We hope with this article; we could introduce you to this analysis technique. For any queries regarding the K-means algorithm, feel free to comment below.

Further, if this field of study interests you, have a look at our PG Diploma in Machine Learning and AI program which is specially curated for working professionals offering 30+ case studies & assignments, 25+ mentorship sessions from industry experts, 10 Practical Hands-on Capstone Projects, 450+ hours of learning and placement assistance.

Frequently Asked Questions (FAQs)

1. What is K Means clustering in machine learning?

This is a popular clustering algorithm used in unsupervised machine learning. K Means algorithm works on the principle of identification of K centroids randomly. From the next step, the algorithm tries to maximize the overall within cluster distance and also minimize the overall between cluster distance. K Means algorithm is an iterative approach. In each iteration, it selects the K Means from the current set of centroids. The algorithm then assigns each observation to the closest K Mean. The distance between two clusters is computed based on the distance between the two closest observations. The Centroid of a cluster is defined as the average of all the observations in the cluster.

2. What are the limitations of the K Means clustering algorithm?

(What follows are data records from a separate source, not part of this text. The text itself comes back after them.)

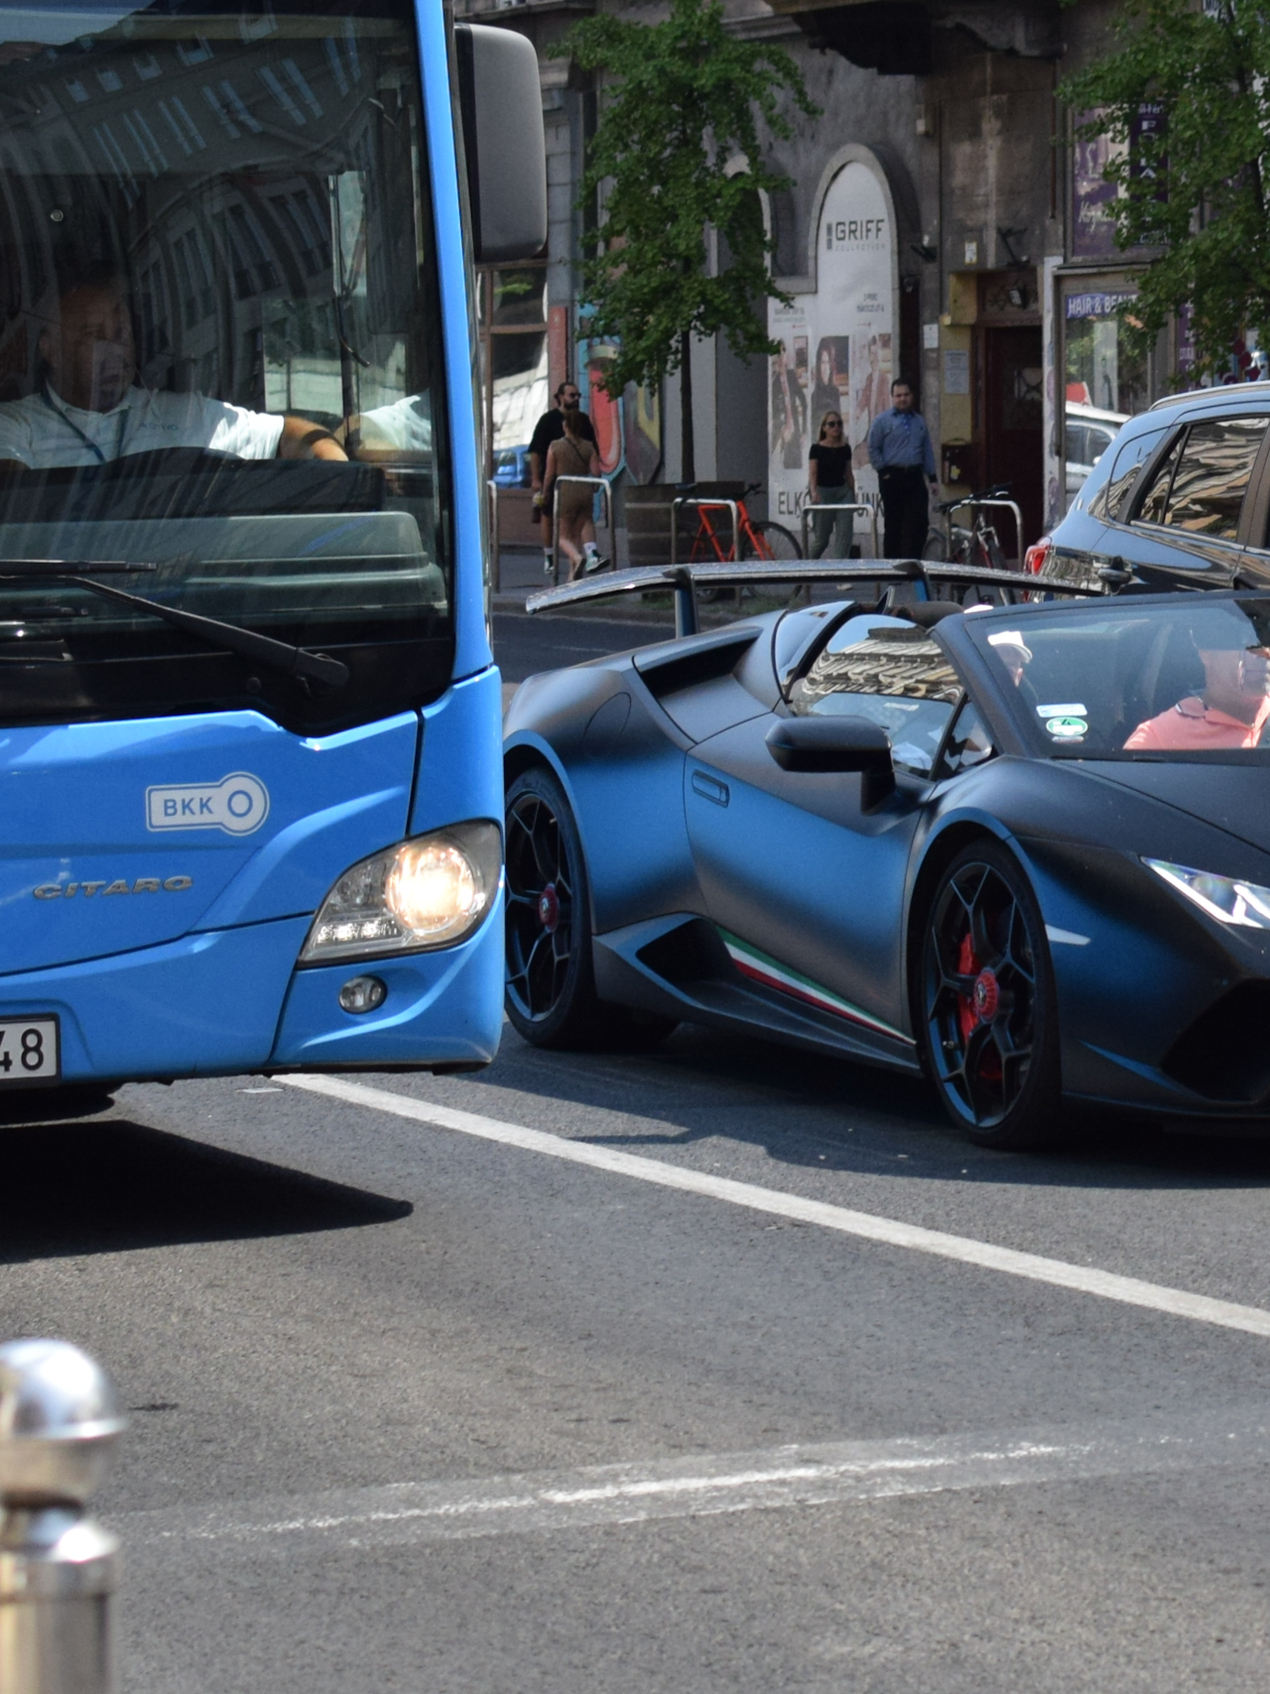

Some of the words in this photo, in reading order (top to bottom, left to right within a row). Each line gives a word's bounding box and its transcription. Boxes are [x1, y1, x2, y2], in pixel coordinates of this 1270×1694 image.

[835, 219, 885, 241] GRIFF
[1068, 297, 1092, 315] HAIR
[163, 797, 214, 817] BKK
[33, 875, 194, 900] CITARO
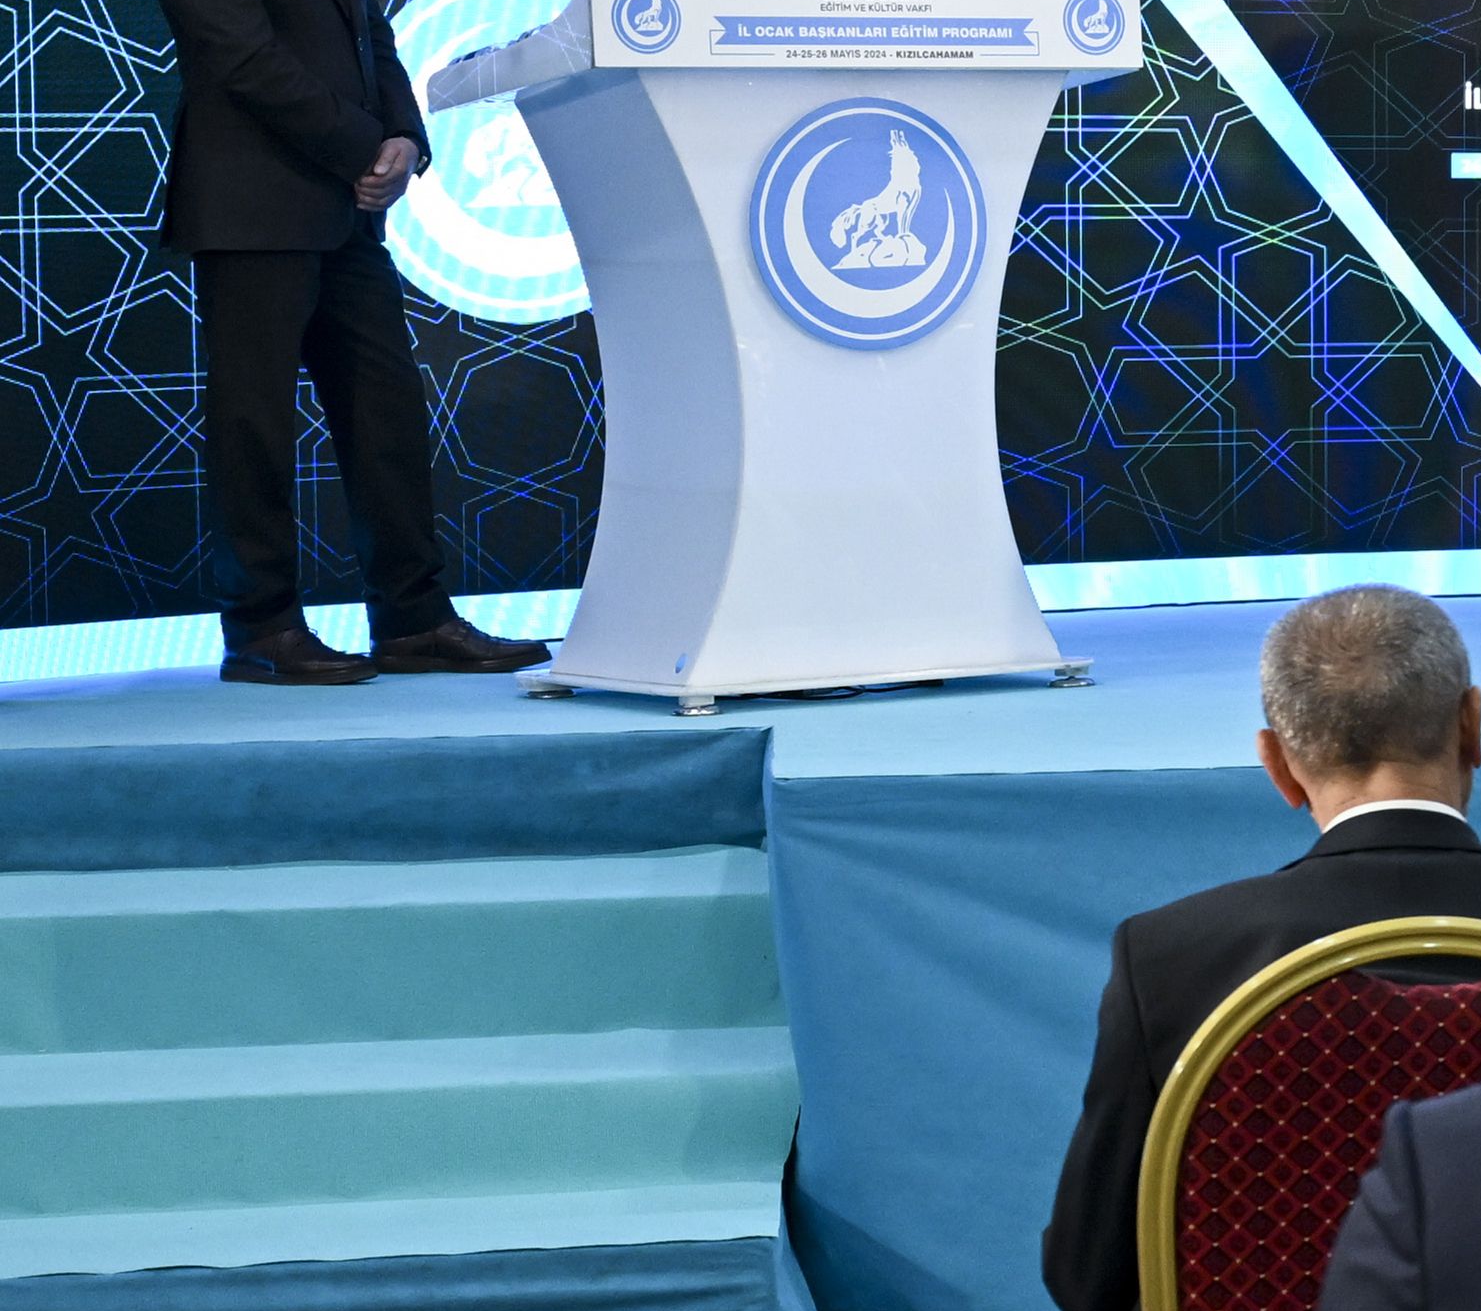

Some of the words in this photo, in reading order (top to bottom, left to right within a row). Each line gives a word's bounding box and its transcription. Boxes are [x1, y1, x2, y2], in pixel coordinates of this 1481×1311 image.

[819, 1, 852, 13] EĞİTİM
[853, 3, 866, 13] VE
[866, 2, 904, 13] KÜLTÜR
[905, 3, 933, 13] VAKFI
[737, 23, 754, 38] İL
[754, 25, 795, 39] OCAK
[798, 25, 888, 40] BAŞKANLARI
[890, 24, 939, 39] EĞİTİM
[941, 26, 1013, 39] PROGRAMI
[785, 49, 828, 60] 24-25-26
[829, 49, 862, 60] MAYIS
[863, 50, 887, 60] 2024
[895, 50, 974, 60] KIZILCAHAMAM

There are some limitations of K Means that you will want to keep in mind when using it. K Means is not robust to outliers. The K Means algorithm only works well when all of your data points are approximately the same distance from the centroid. If some of your data points are far away from the centroid, this will bias the assignment of other data points to clusters. K Means does not guarantee a unique solution. If you have more than one cluster of points, there is no guarantee that K Means will return the same number of clusters each time the algorithm is run. K Means converges slowly. The algorithm converges very slowly, even on small datasets.

3. What are the advantages of K Means clustering?

It is effective for both single and multiple dimensions. It is applicable in both two and three dimensions. It is particularly useful in situations where there are many clusters. The clusters are obtained at the mid-point of the data points. A mean value is calculated for each cluster. Each point is divided by the standard deviation and then it is compared to the mean value. The mean value and the standard deviation are calculated for all clusters and points.